A workaround is to have a script on the equipment that periodically reads the values (show system alarms) and makes them available via a different MIB, the Utility MIB (mib-jnx-util).

gw> show system alarms | display xml 
<rpc-reply xmlns:junos="http://xml.juniper.net/junos/19.4R0/junos">
    <alarm-information xmlns="http://xml.juniper.net/junos/19.4R0/junos-alarm">
        <alarm-summary>
            <no-active-alarms/>
        </alarm-summary>
    </alarm-information>
    <cli>
        <banner>{master}</banner>
    </cli>
</rpc-reply>

{master}
gw>
hmpf commented 2 years ago

When using the mib-jnx-util, zino uses the OIDs jnxUtilUintValue.82.101.100.65.108.97.114.109 for the red alarm counter and jnxUtilUintValue.89.101.108.108.111.119.65.108.97.114.109 for the yellow alarm counter.
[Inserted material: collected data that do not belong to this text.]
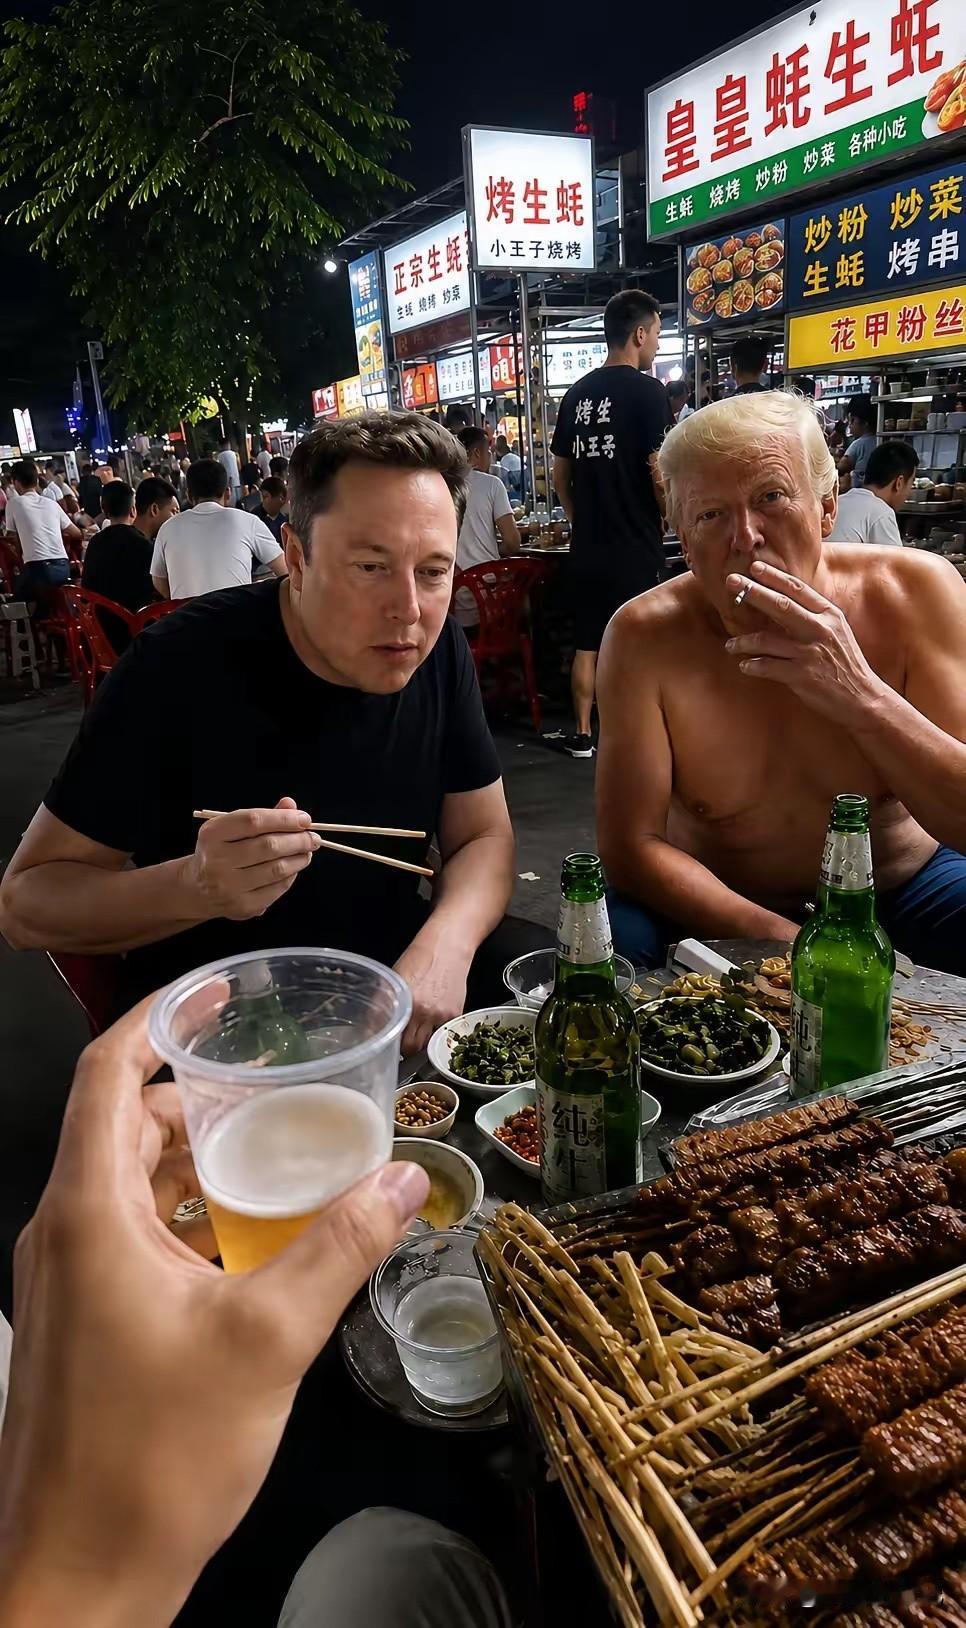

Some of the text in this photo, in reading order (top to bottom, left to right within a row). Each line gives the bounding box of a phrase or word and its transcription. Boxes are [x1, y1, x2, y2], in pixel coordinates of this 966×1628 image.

[662, 0, 944, 183] 皇皇蚝生蚝
[485, 175, 585, 227] 烤生蚝
[665, 115, 907, 225] 生蚝 烧烤 炒粉 炒菜 各种小吃
[803, 175, 964, 254] 炒粉 炒菜
[393, 231, 470, 296] 正宗生蚝
[490, 238, 582, 260] 小王子烧烤
[802, 228, 960, 298] 生蚝 烤串
[829, 297, 966, 354] 花甲粉丝
[574, 397, 612, 425] 烤生
hmpf commented 2 years ago

The steps so far seem to be:

lunkwill42 commented 2 years ago

2368 adds the necessary documentation for some of the command line utilities that are useful for testing SNMP OID compatibility with NAV...

hmpf commented 2 years ago

I've decided on making a new ipdevpoll-plugin just for these weirdos. It does not store the value, just dumps them into eventengine if not zero.
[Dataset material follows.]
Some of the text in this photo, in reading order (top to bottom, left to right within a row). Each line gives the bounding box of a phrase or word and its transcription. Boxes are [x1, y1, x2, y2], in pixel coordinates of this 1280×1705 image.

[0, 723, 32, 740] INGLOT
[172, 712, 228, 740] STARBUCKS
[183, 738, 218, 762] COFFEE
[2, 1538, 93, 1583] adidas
hmpf commented 2 years ago

If converting a mib to python with smidump with the -k flag, also increase the error level above 3 for the -l-flag.
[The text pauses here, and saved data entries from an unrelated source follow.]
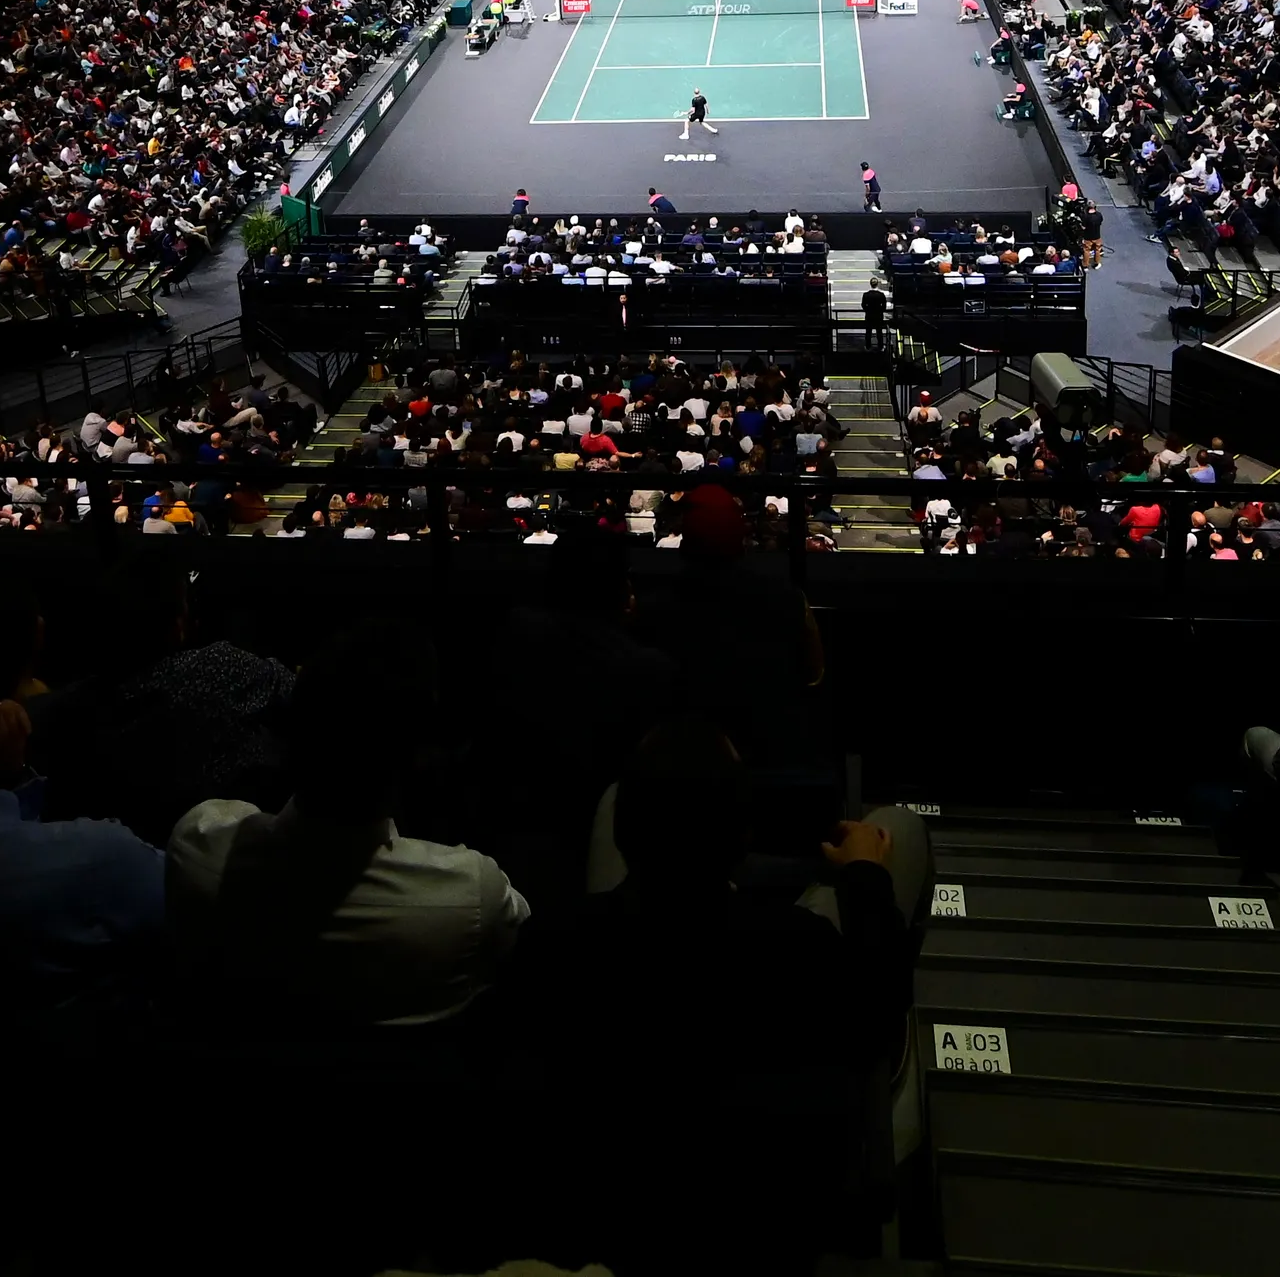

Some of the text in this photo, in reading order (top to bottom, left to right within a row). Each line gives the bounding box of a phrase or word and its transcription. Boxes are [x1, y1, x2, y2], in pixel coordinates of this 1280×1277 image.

[687, 4, 751, 16] ATP TOUR
[889, 2, 916, 11] FedEx
[663, 153, 717, 162] PARIS
[939, 889, 960, 902] 02
[945, 907, 960, 917] 01
[1218, 902, 1230, 914] A
[1241, 902, 1265, 916] 02
[942, 1032, 958, 1050] A
[973, 1034, 1001, 1052] 03
[944, 1057, 1003, 1073] 08 à 01
smidump -k -l 5 -f python  ./A.mib > A.py

If it complains failed to locate MIB module foo, get the missing mibs and preload them with the -p-flag:

smidump -k -l 5 -f python  -p ./foo.mib ./A.mib > A.py
lunkwill42 commented 2 years ago

After a design discussion with @knutvi, we have sort of concluded on a way forward.

For the CNaaS team, it's important to know at any one given time what the current number of yellow or red alerts in a Juniper chassis is.

I offered up some interpretations of this, and after some discussion, we decided that the cleanest implementation in a NAV context would be this design:

  1. When ipdevpoll detects that Juniper device D has >0 yellow alerts, it should post a start-state event to this effect, and include the alert count as a variable in the event varmap (the list of arbitrary attributes that can be attached to an event). Likewise, when it sees that Juniper device D has =0 yellow alerts, it should post a corresponding end-state event. This is close to what #2388 is currently honing in on.
  2. How to actually respond to these events is up to the eventengine, and a plugin P to handle these events needs to be written.
  3. When P receives a start event that is not deemed to be a duplicate, it should post a corresponding alert, and copy the alert count variable into the generated AlertHistory record.
  4. When P receives a start event for B that is deemed a duplicate, it should do some further verification: If the seemingly duplicate event has a different alert count then the existing AlertHistory entry, it should:
    1. Close the existing AlertHistory entry, but suppress a regular end-alert from being sent (or the end-user may end up receiving two notifications about the transition, rather than just one)
    2. Post a new pair of Alert and AlertHistory records with the new alert count.
  5. When P receives an end-event that is deemed to match an open AlertHistory record, that record should be closed.

This means that every change in the alert count that does not transition to a count of 0 should cause an entirely new AlertHistory state for B to be created, while any old ones are resolved. Any change in the alert count to 0 should resolve any existing corresponding AlertHistory states.